Dynamic analysis of machine (FEA)
The two parts ‘spindle’ and ‘table’ were considered for harmonic testing. Fig. 10 shows the FEA results of harmonic testing on both production and new machines for the X-axis. The peaks show the dynamic stiffness of the two beds. The solid blue curve shows the ‘spindle,’ and the solid brown shows the ‘table’ of the production machine, while the dashed red and blue curves show the ‘table’ of the new machine. Table 3 shows the excitation frequencies of the Y and Z axes, too.
As for the production machine shown in Fig. 10, ‘spindle’ mode 1 is at 23 Hz, mode 2 at 37 Hz, mode 3 at 52 Hz, and mode 4 at 71 Hz.
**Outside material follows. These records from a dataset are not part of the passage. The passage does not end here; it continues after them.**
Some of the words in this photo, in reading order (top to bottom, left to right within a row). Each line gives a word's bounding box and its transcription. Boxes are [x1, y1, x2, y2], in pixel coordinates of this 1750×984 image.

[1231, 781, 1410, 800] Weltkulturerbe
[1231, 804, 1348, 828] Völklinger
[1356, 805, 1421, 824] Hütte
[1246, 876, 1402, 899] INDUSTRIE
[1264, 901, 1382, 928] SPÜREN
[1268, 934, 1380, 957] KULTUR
The first two modes are tool changer frequencies, which are very small on the ‘spindle.’ Nevertheless, these two modes in case of jerk motion can create a ripple or texture mark on the side wall of the test cut. Mode 3 at 52 Hz and mode 4 at 71 Hz are actual main modes of machine casting/frame, and the new machine should have higher dynamic stiffness than the production one at the above-mentioned frequencies since the dashed red curve is smaller than the solid blue curve of the production machine. The production machine ‘table’ mode 1 is at 52 Hz and mode 2 at 71 Hz. The new machine should have higher dynamic stiffness than the production machine at the frequencies mentioned above since the dashed green curve is smaller than the solid red curve of the production machine. Important to note that the ‘spindle’ and ‘table’ frequencies match entirely. The frequency overlap is a potential bottleneck for any machine. The excitation frequencies of other axes are presented in Table 3.
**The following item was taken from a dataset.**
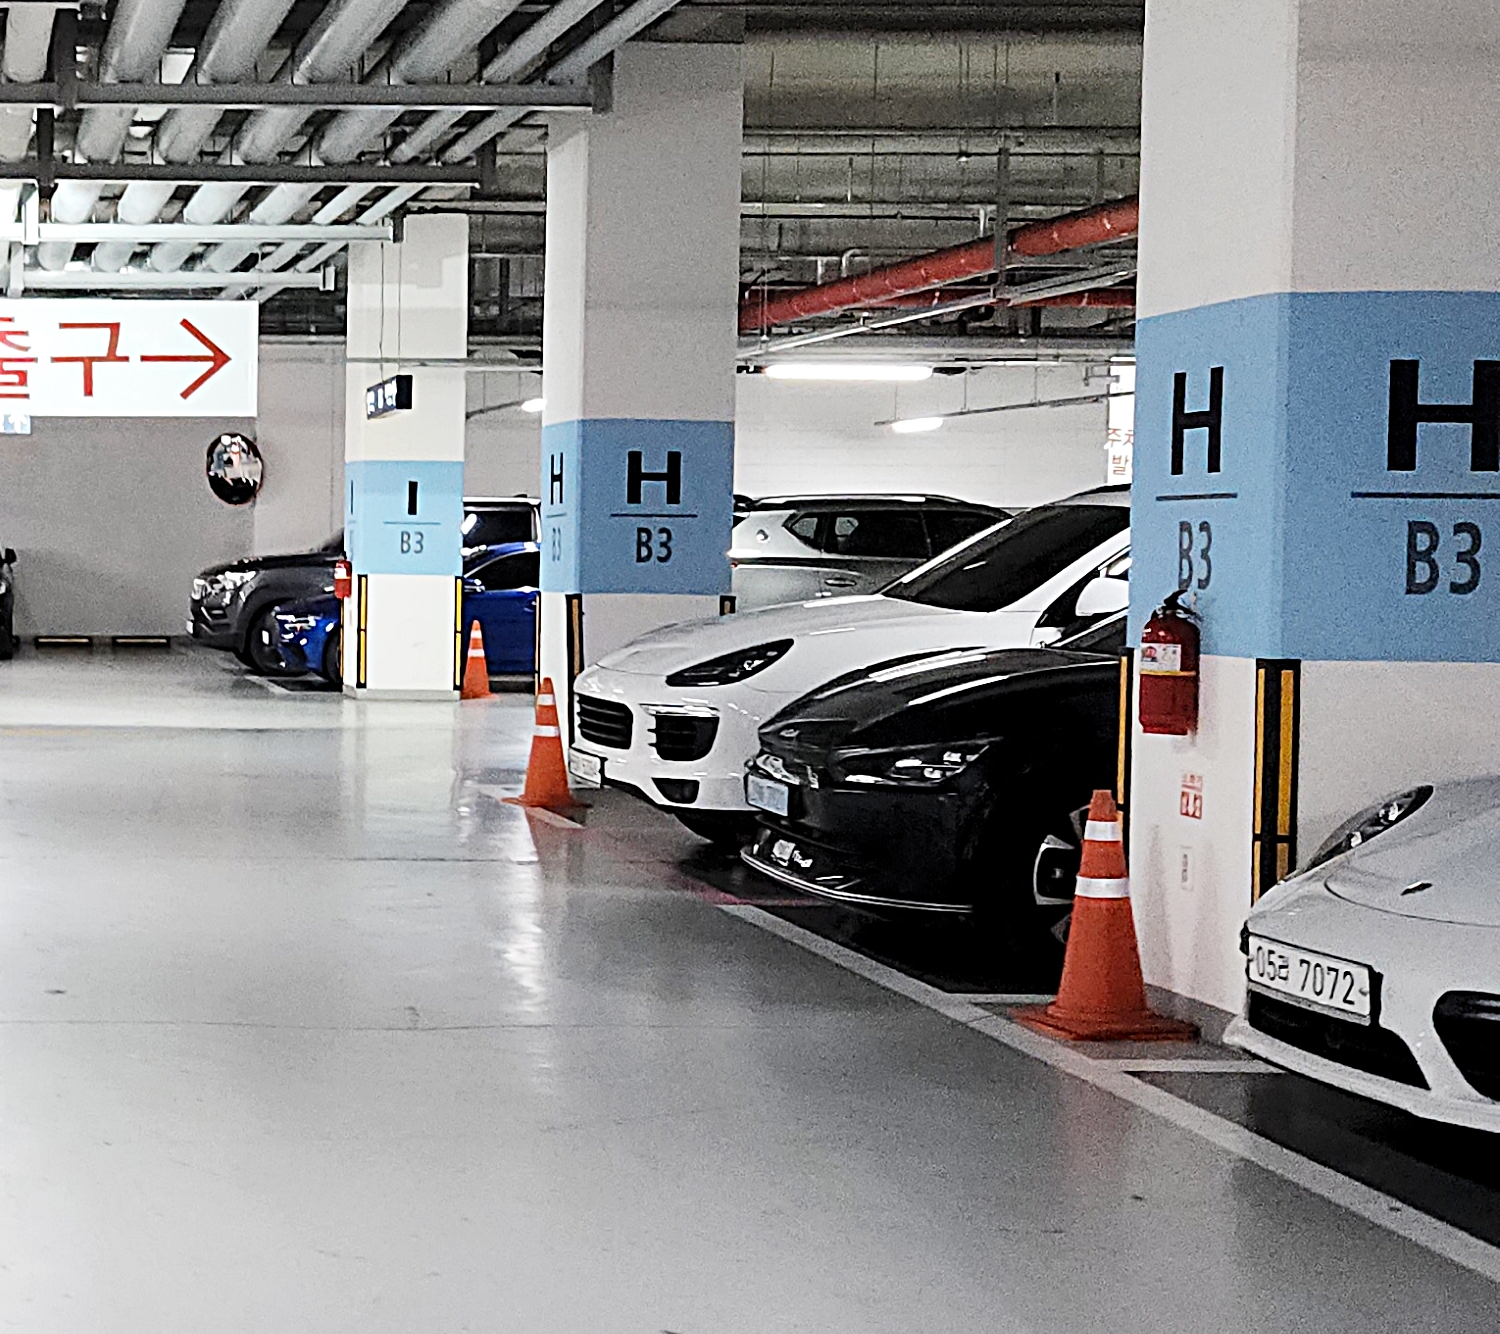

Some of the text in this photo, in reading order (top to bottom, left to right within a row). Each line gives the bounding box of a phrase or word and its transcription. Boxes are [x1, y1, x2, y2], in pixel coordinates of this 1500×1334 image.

Modal (Hammer) Test on ‘spindle’ and ‘table’
This test was done on both the production and the new machines. A hammer was used to exert a force on ‘spindle’ and ‘table’ and measured the vibrations along the same axis the force was exerted. Fig. 11 illustrates the transfer function graphs for the modal test on both ‘spindle’ and ‘table.’
The production machine spindle’s first 3 modes occur at frequencies of 12, 16, 37, and 59 Hz at amplitudes of 1.6, 4.1, 1.3, and 1.2 x 10-3 g/lbf, respectively. The new machine spindle’s first 4 modes occur at 11, 14, 19, 37, and 60 Hz at 1.1, 1.9, 0.9 and 1.9 x 10-3 g/lbf, respectively. The values of amplitude in 3-axes for both ‘spindle’ and ‘table’ are given in Table 4.
The amplitudes of all modes of the new machine ‘spindle’ up to the frequency of interest (50 Hz) are smaller compared to those of the production machine. As it was mentioned earlier, transfer function magnitude is inversely proportional to the dynamic stiffness; the smaller the magnitude, the larger the dynamic stiffness. In Fig. 11b, it is clear that the first two modes have shorter amplitude while the third one has a higher amplitude, overall better because usually, the first two modes are the most important for machine structural stability.
To verify the performance of the new machine, cutting test was applied under the same conditions including rpm, feed rate (in/min), and tool path, which define the final shape. In this test, the production and the new machines were used to cut identical parts, and observed the surface finish and texture qualities of the machined parts for any differences. The final results portrayed no noticeable differences at all. It is important to note that in a simulation study, by adding ribs at suitable locations, 1.5% weight reduction was achieved (11), and in yet another study, using cross and horizontal ribs with hollow bed, the results indicated 4% weight reduction (6), but in this study, the weight reduction was 9.3% and it was experimentally verified. It was earlier mentioned that in a similar MPF simulation study, the weight of the bed was reduced by 4.8% (16).